Unveiling the Impact of Microglial Cells in Alzheimer's Disease Pathogenesis: Insights from Single-Cell RNA-seq Analysis and In Vivo Validation

Abstract

Abstract Alzheimer's disease (AD), a prevalent global cause of dementia lacking a cure, has traditionally been studied from a molecular perspective. However, our investigation delved into the intricate cellular dimensions of AD, focusing on microglial cells, the primary immune cells in the central nervous system (CNS). Through a single-cell approach using scRNA-seq, we revealed an increased presence of microglial cells in AD samples. Utilizing this advanced technology, we unveiled the biological pathways, cellular interactions, and key genes driving AD progression. Notably, our findings emphasized the elevated activation of TNF-α signaling via NF-κB, P53, allograft rejection, coagulation, and hypoxia pathways in AD microglia.

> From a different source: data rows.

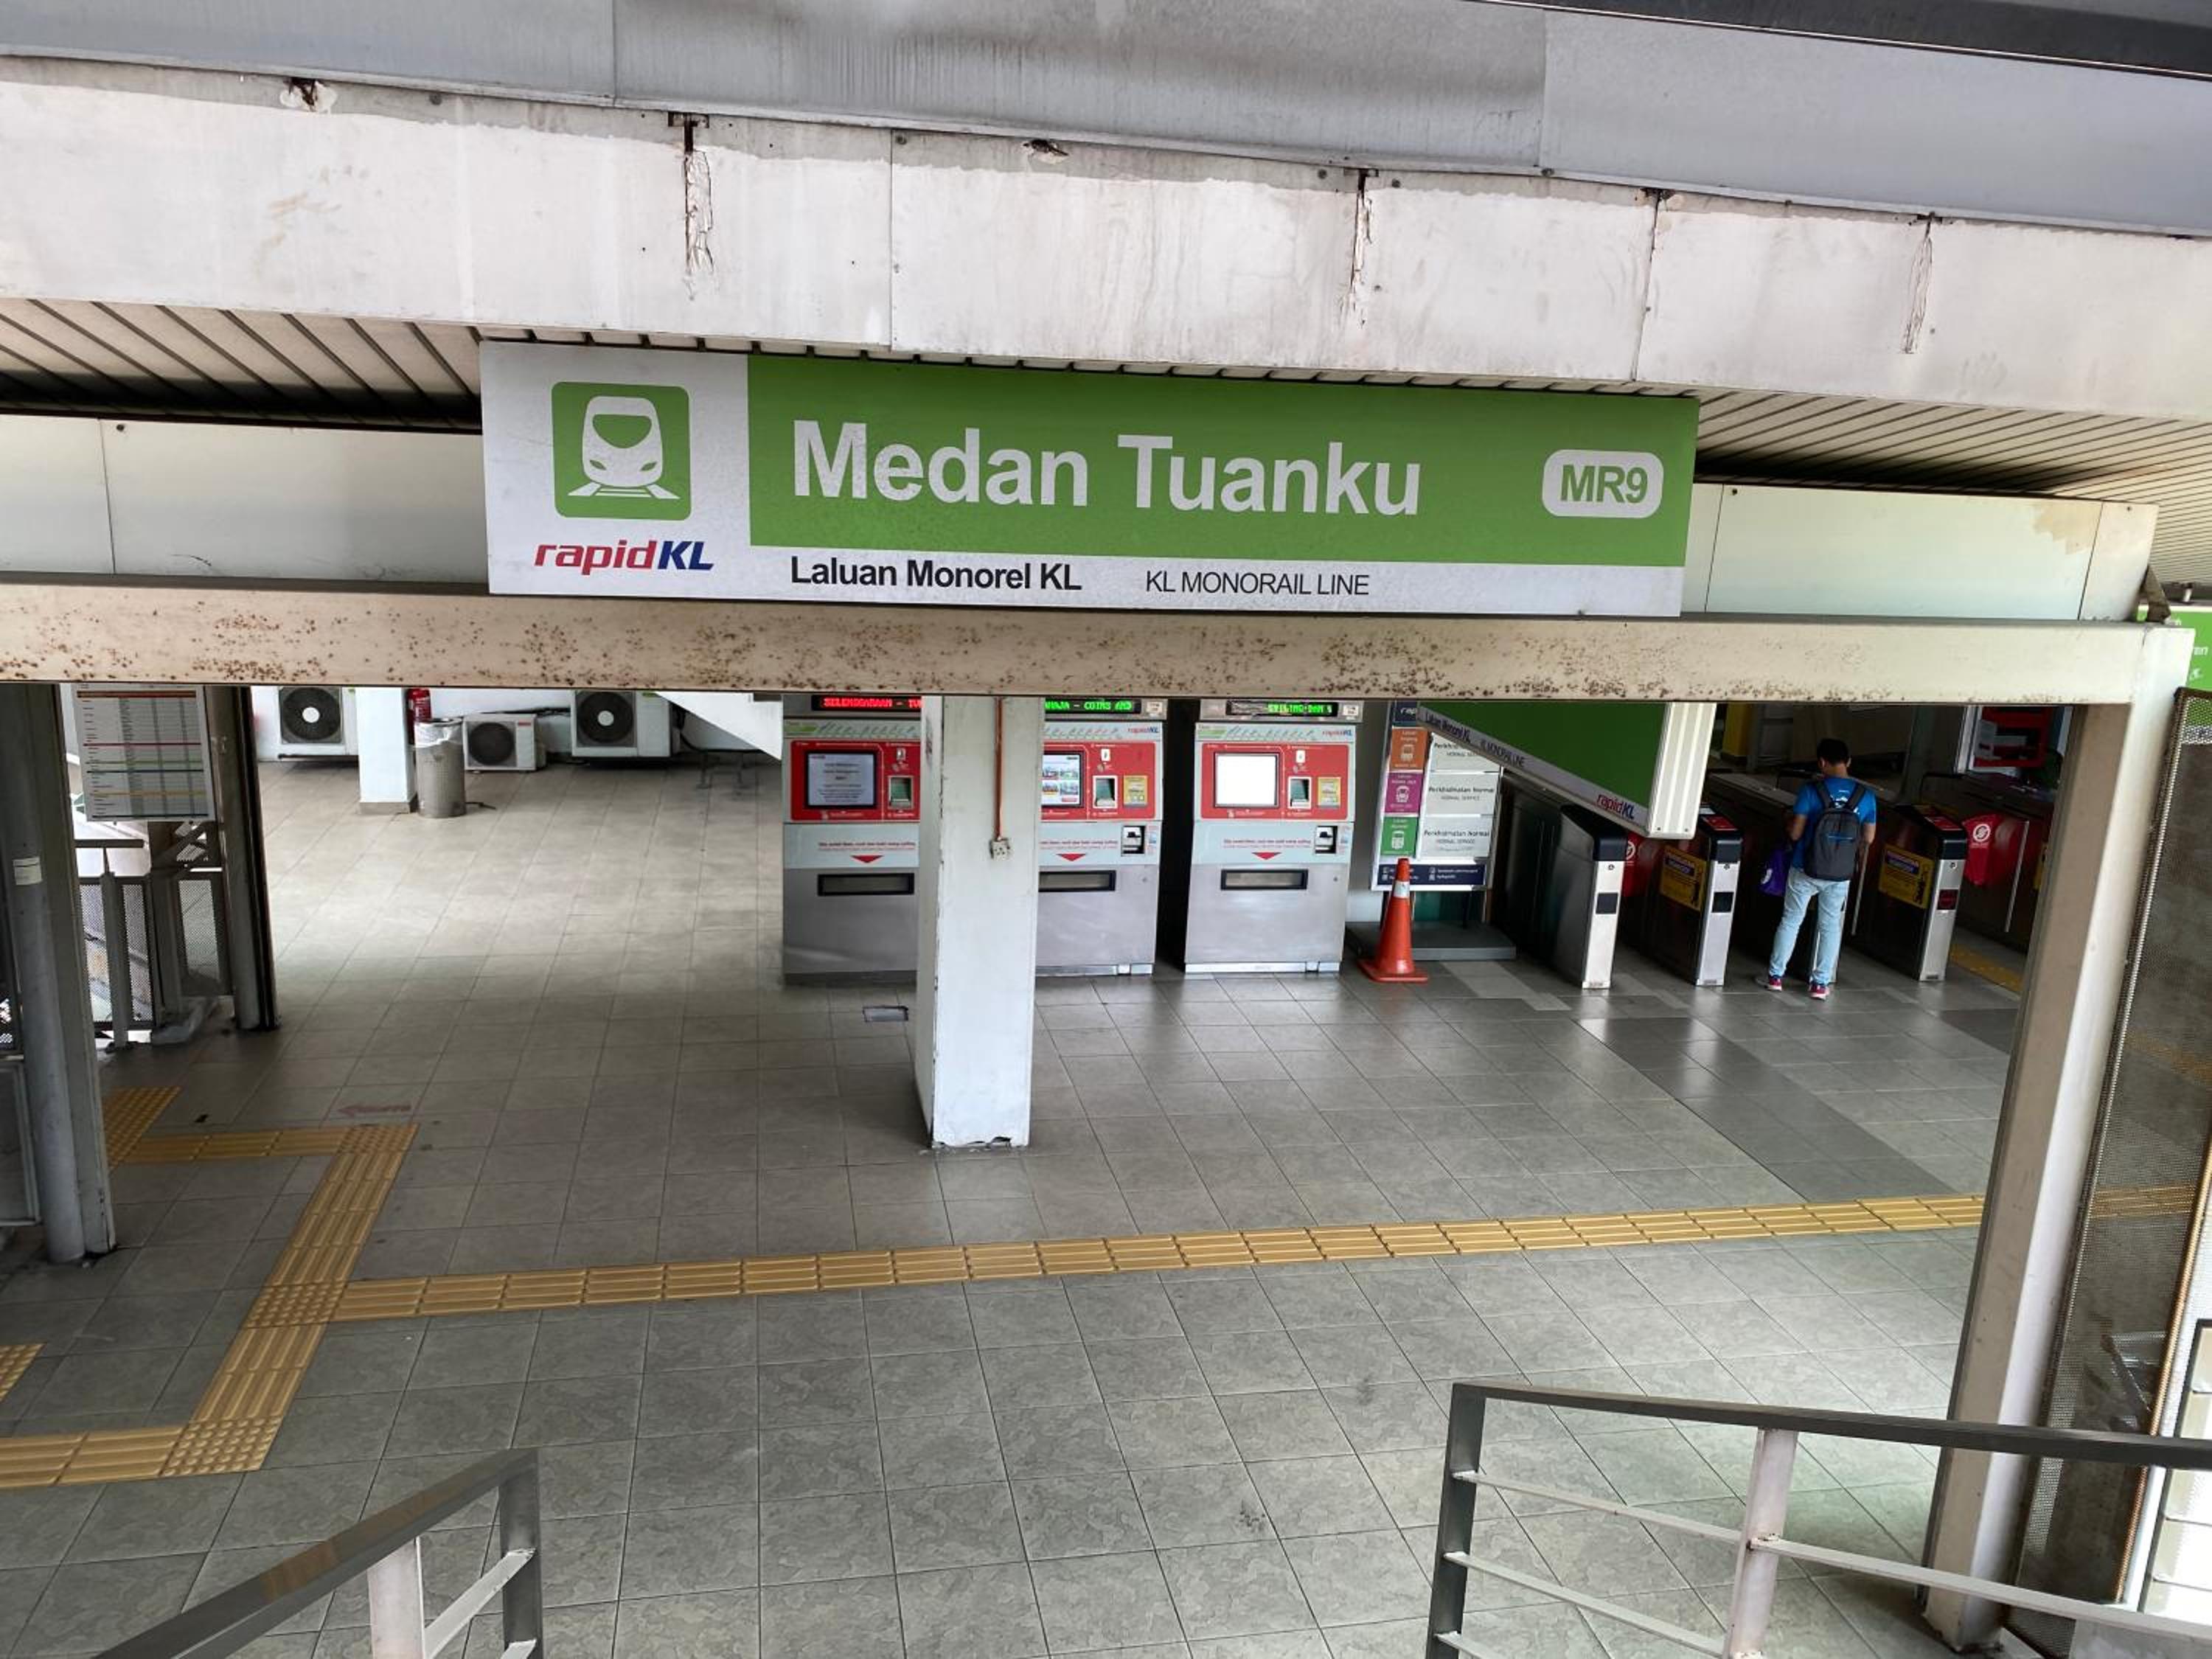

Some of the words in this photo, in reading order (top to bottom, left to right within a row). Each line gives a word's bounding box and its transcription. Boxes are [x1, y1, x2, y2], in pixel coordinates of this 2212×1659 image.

[793, 420, 1088, 507] Medan
[1117, 434, 1421, 516] Tuanku
[1559, 465, 1649, 504] MR9
[535, 540, 714, 575] rapidKL
[791, 556, 897, 587] Laluan
[907, 558, 1032, 591] Monorel
[1040, 563, 1082, 591] KL
[1146, 571, 1176, 593] KL
[1181, 571, 1312, 594] MONORAIL
[1318, 574, 1370, 596] LINE
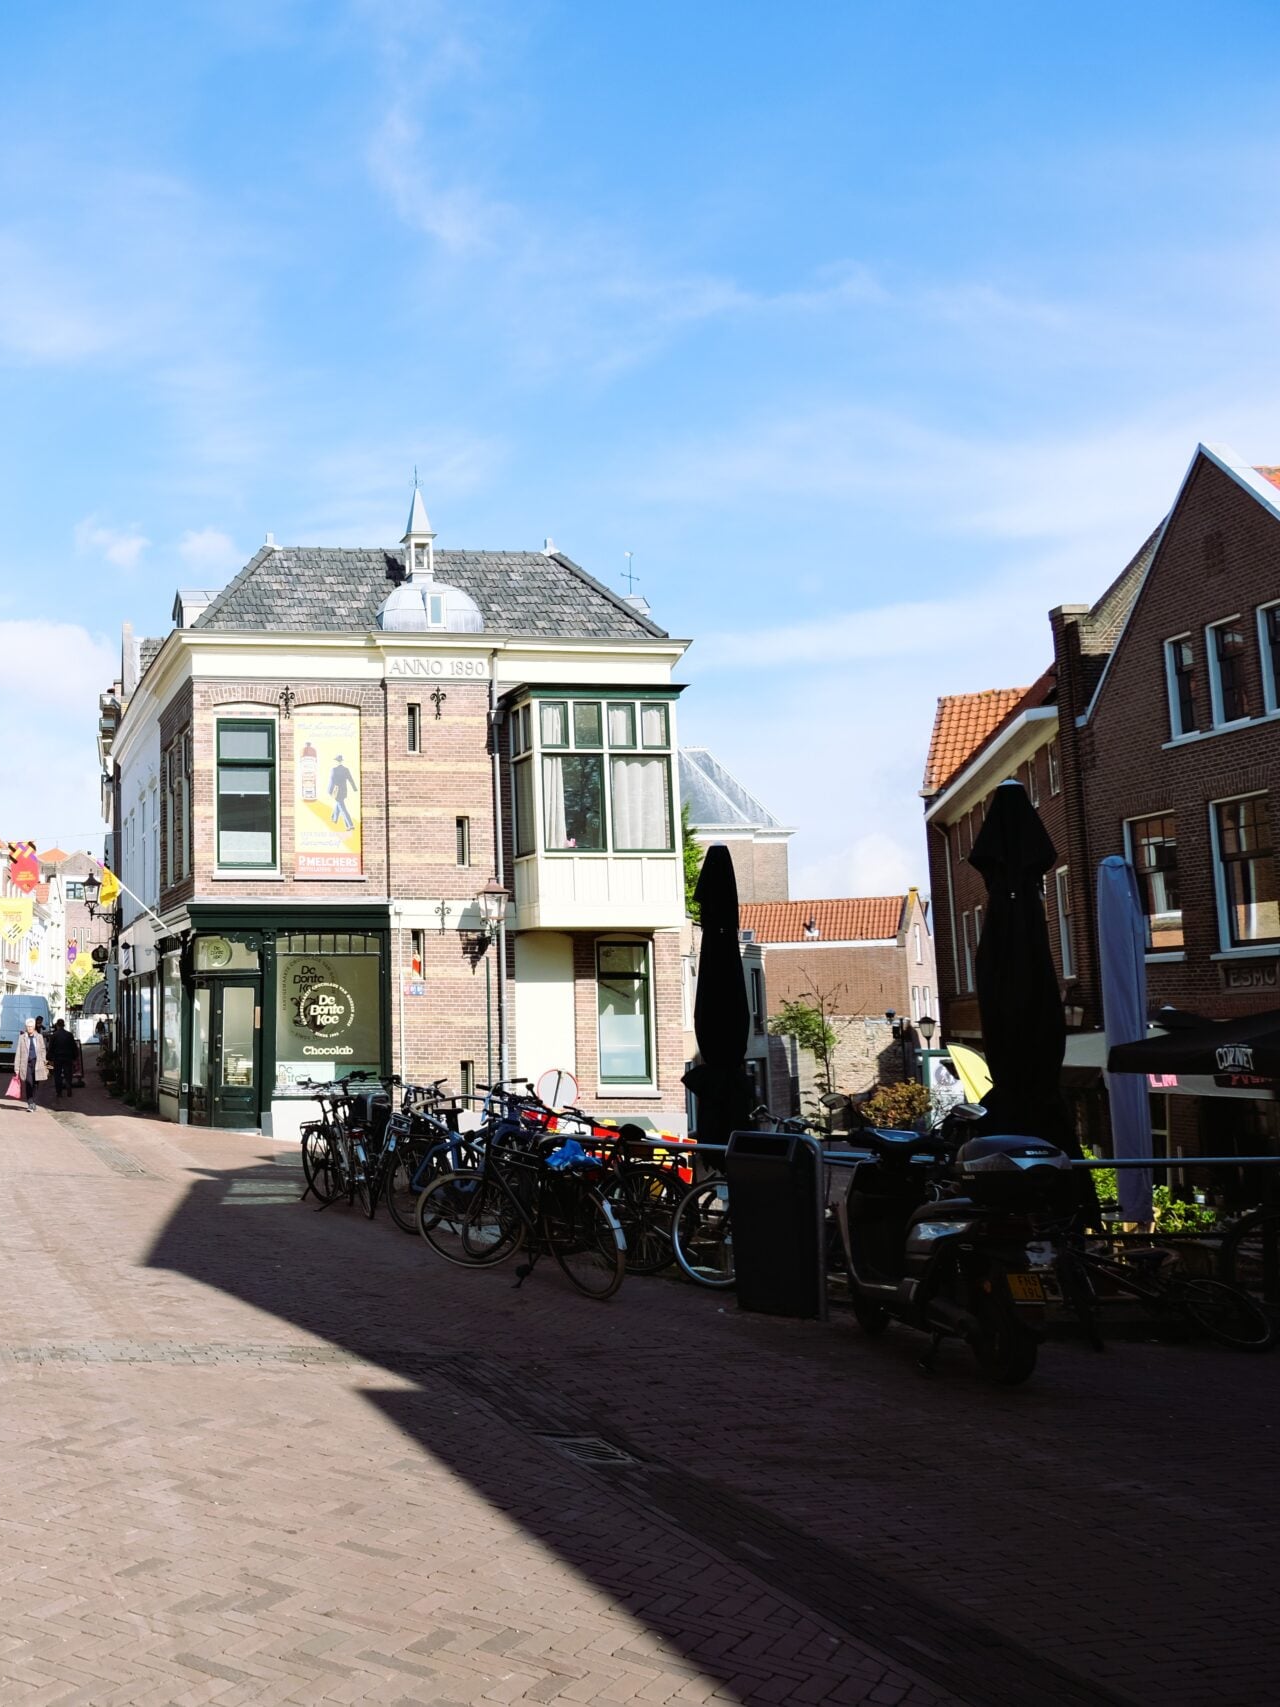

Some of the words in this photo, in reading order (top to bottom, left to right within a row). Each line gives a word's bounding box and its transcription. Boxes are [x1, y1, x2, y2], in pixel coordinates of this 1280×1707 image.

[389, 658, 442, 675] ANNO
[319, 994, 335, 1005] De
[310, 1003, 345, 1015] Bonte
[317, 1014, 339, 1026] Koe
[302, 1045, 354, 1055] Chocolab
[1215, 1047, 1255, 1071] CORNET
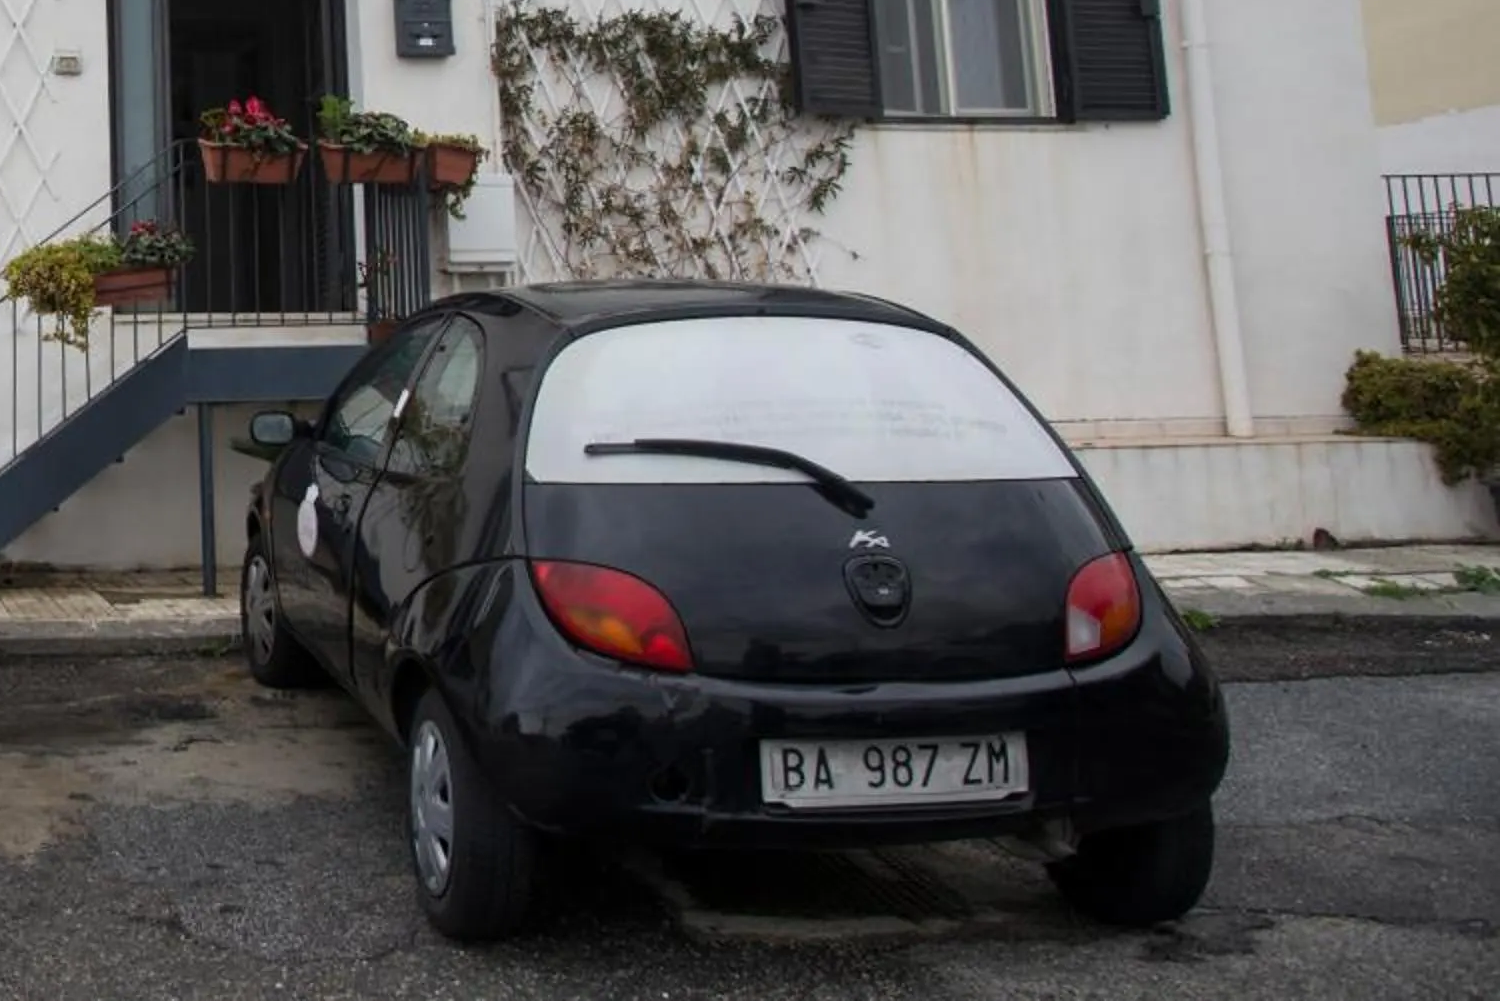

At the same time, the responsiveness to IFN-γ and IFN-α was diminished, and in alignment with scRNA-seq outcomes, gene expression analysis in a fly model indicated heightened Sima gene (HIF1A) expression in AD microglia. Furthermore, our study pinpointed significant ligand-receptor interactions in the microenvironment, notably including PTN/RPTPβ/ζ, a neurotrophic factor modulating neuroinflammation, and SEMA3A/PLXNB3. Additionally, we identified pivotal genes influencing AD pathogenesis and proposed potential treatments through drug repositioning, encompassing paclitaxel, carboplatin, cisplatin, imatinib, and fluorouracil. These findings provide insightful perspectives into AD pathophysiology at the cellular level and suggest promising avenues for further investigation and potential therapeutic interventions. More experimental validation is indispensable to corroborate these intricate molecular pathways.